## Saved entries
■ ■ ■ ■ ■ ■ ■

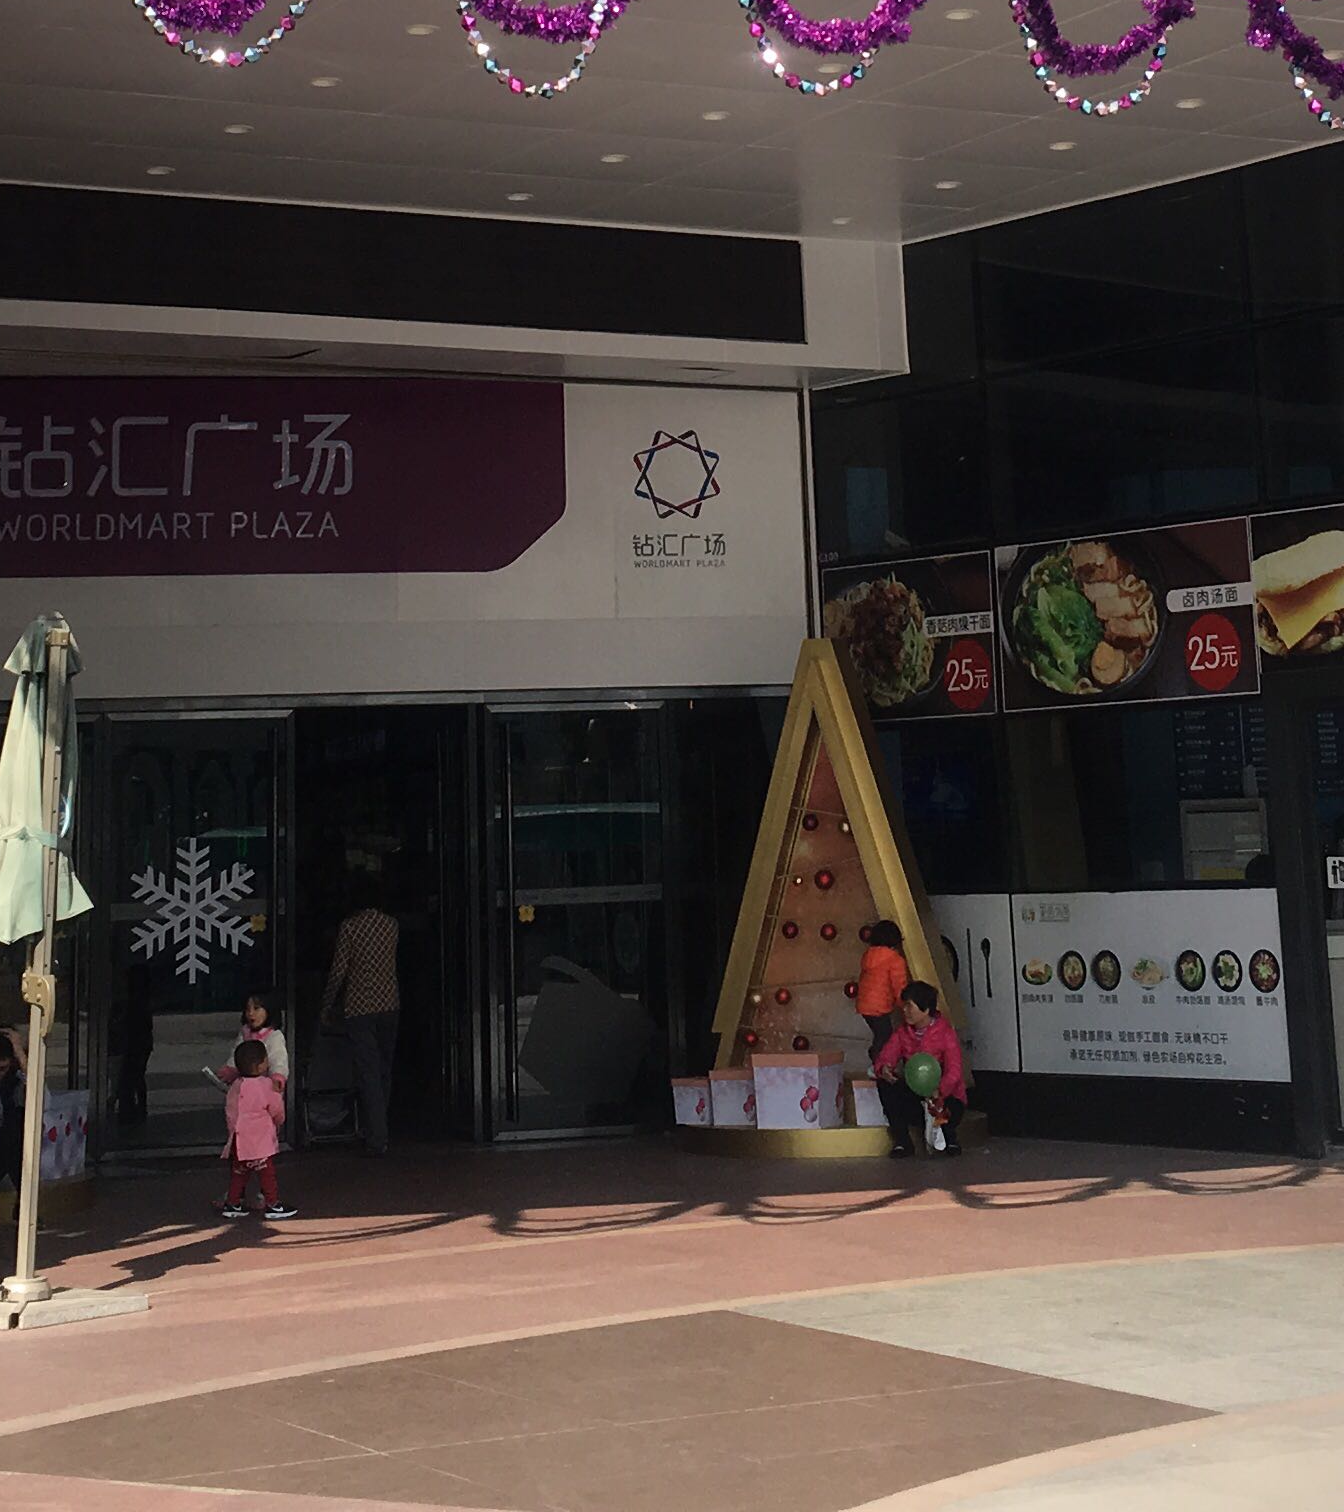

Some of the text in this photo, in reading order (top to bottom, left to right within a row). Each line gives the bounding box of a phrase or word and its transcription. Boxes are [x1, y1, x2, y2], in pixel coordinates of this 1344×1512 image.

[229, 510, 340, 539] PLAZA
[632, 533, 727, 558] 钻汇广场
[633, 558, 727, 568] WORLDMART PLAZA
[1182, 587, 1239, 609] 卤肉汤面
[1187, 634, 1238, 671] 25元
[946, 658, 989, 693] 25元
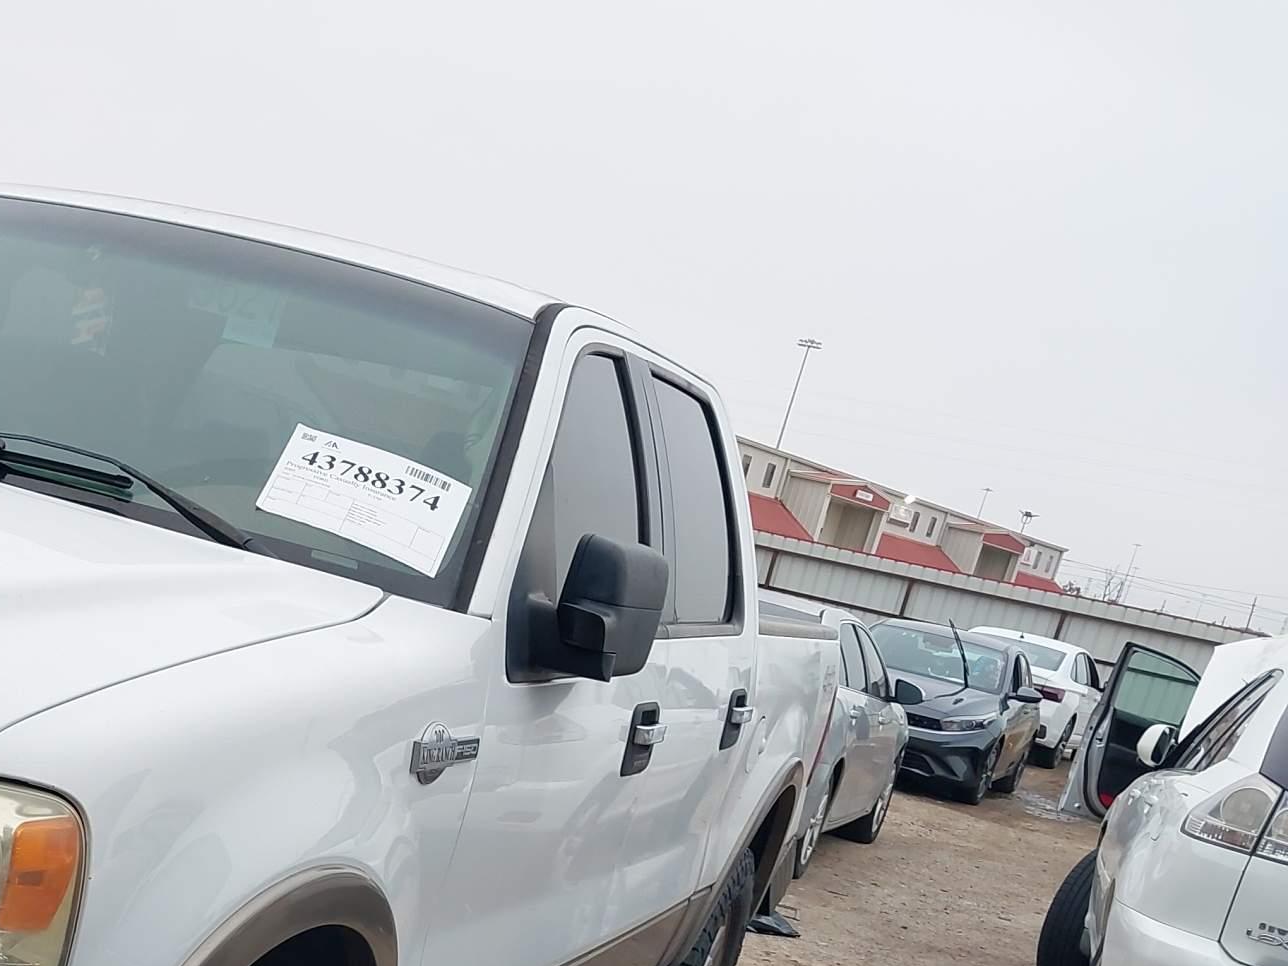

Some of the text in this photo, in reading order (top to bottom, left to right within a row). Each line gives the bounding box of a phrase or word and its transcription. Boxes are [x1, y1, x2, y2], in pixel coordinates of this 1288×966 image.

[286, 460, 328, 478] Progressive
[362, 483, 397, 501] Insurance
[301, 451, 441, 512] 43788374

■ ■ ■ ■ ■ ■ ■

## Work instruction
Return all entries preceding this task exactly as they stand, leaving any picture out.

## Solution for this task
Some of the text in this photo, in reading order (top to bottom, left to right within a row). Each line gives the bounding box of a phrase or word and its transcription. Boxes are [x1, y1, x2, y2], in pixel coordinates of this 1344×1512 image.

[229, 510, 340, 539] PLAZA
[632, 533, 727, 558] 钻汇广场
[633, 558, 727, 568] WORLDMART PLAZA
[1182, 587, 1239, 609] 卤肉汤面
[1187, 634, 1238, 671] 25元
[946, 658, 989, 693] 25元

Some of the text in this photo, in reading order (top to bottom, left to right within a row). Each line gives the bounding box of a phrase or word and its transcription. Boxes are [x1, y1, x2, y2], in pixel coordinates of this 1288×966 image.

[286, 460, 328, 478] Progressive
[362, 483, 397, 501] Insurance
[301, 451, 441, 512] 43788374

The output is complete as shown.